Alice didn’t want to be seen with her. Didn’t want other people to know this woman was her mother. She knew it was wrong to think like that. To care what other people thought, but she couldn’t help it. She wanted to grab her mother by the shoulders and shake her and tell her to snap out of it, to stop acting and looking so strange. No one else cared that Jason was dead.
Alice’s mother stopped abruptly in the middle of the aisle and clasped her hands to her face. “Oh, my God…”
“What? What’s the matter now?” Alice couldn’t mask her impatience.
Her mother didn’t answer. Instead, she pointed a trembling hand toward a woman and her small child, a young boy, maybe four or five years old. They walked hand in hand, chatting amongst themselves, a private moment between mother and son.
Alice’s mother continued to clutch at her face, then started to jog down the aisle and kept repeating, Oh, my God. Oh, my God. Oh, my God.

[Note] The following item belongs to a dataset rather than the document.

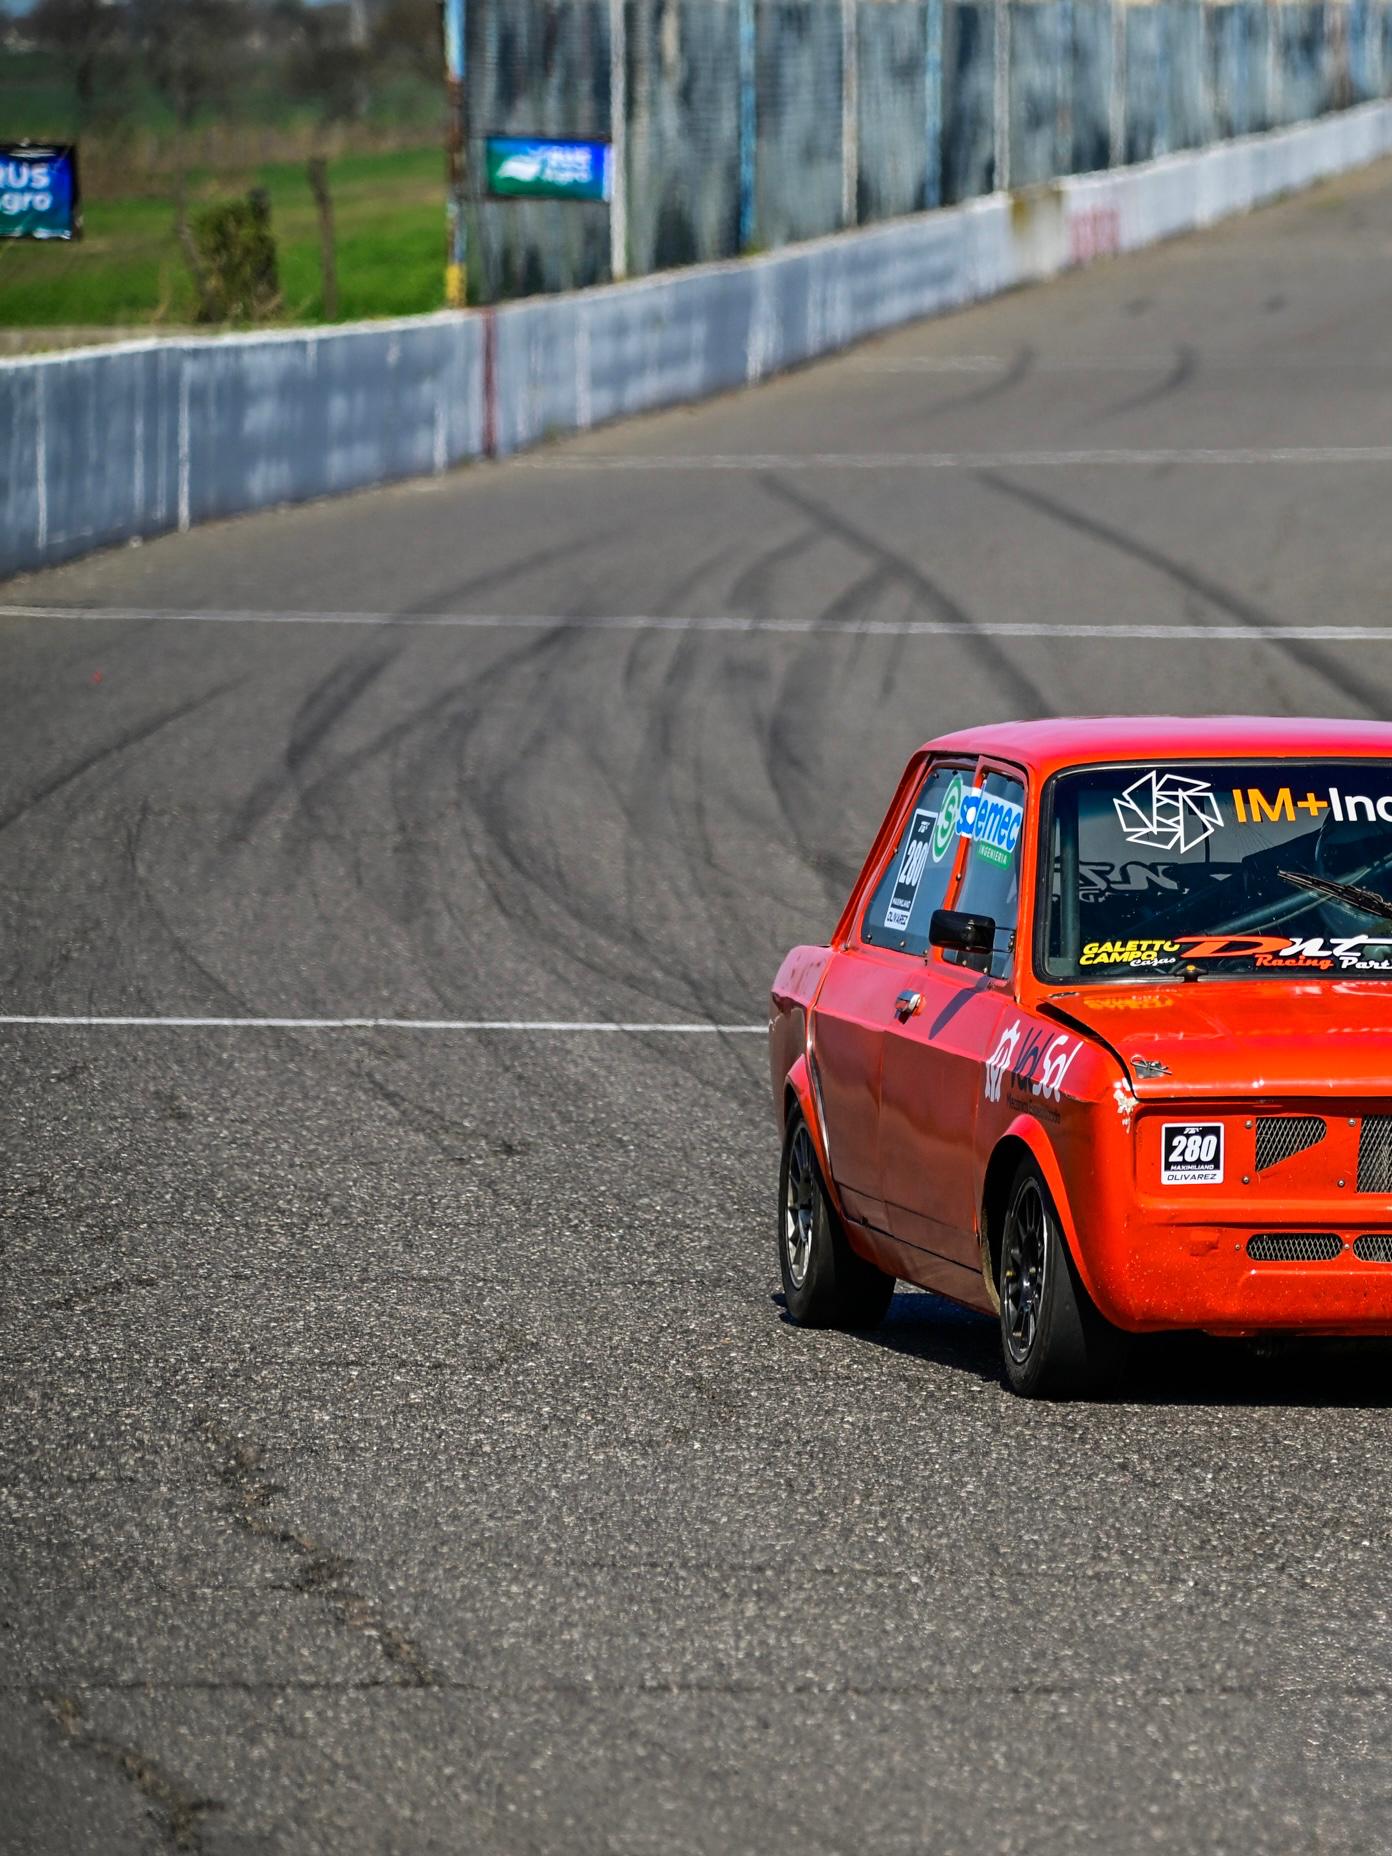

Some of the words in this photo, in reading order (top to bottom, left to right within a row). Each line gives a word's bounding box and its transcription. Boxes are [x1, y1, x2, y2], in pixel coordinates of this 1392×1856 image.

Alice watched her mom push past other shoppers, slamming into their carts, bumping into shelves, and knocking cans and boxes all over the floor. “Baby?”
She chased after her mother, grabbed her by the wrist, and yanked her to a stop. “Mom. Stop it. What are you doing?”
Her mother’s head snapped toward Alice. Her eyes were wide and crazy and seemed to protrude from their sockets. “Let-me-go.” She ripped her arm free from Alice’s hand and snapped, “Don’t you touch me. Don’t you dare touch me.” She stared at Alice for a moment like her daughter was something repulsive, something vile, then took off running again and disappeared around the end of the aisle.
Alice felt the eyes of all the other shoppers. People looking at her and whispering to one another. What she wanted to do was turn around and march out of Harris Teeter, and start walking and keep walking until she was far away from this store—away from this humiliation.
But she didn’t. Instead, Alice turned down the next aisle and watched with horror as her mother finally caught up with the woman and her small child.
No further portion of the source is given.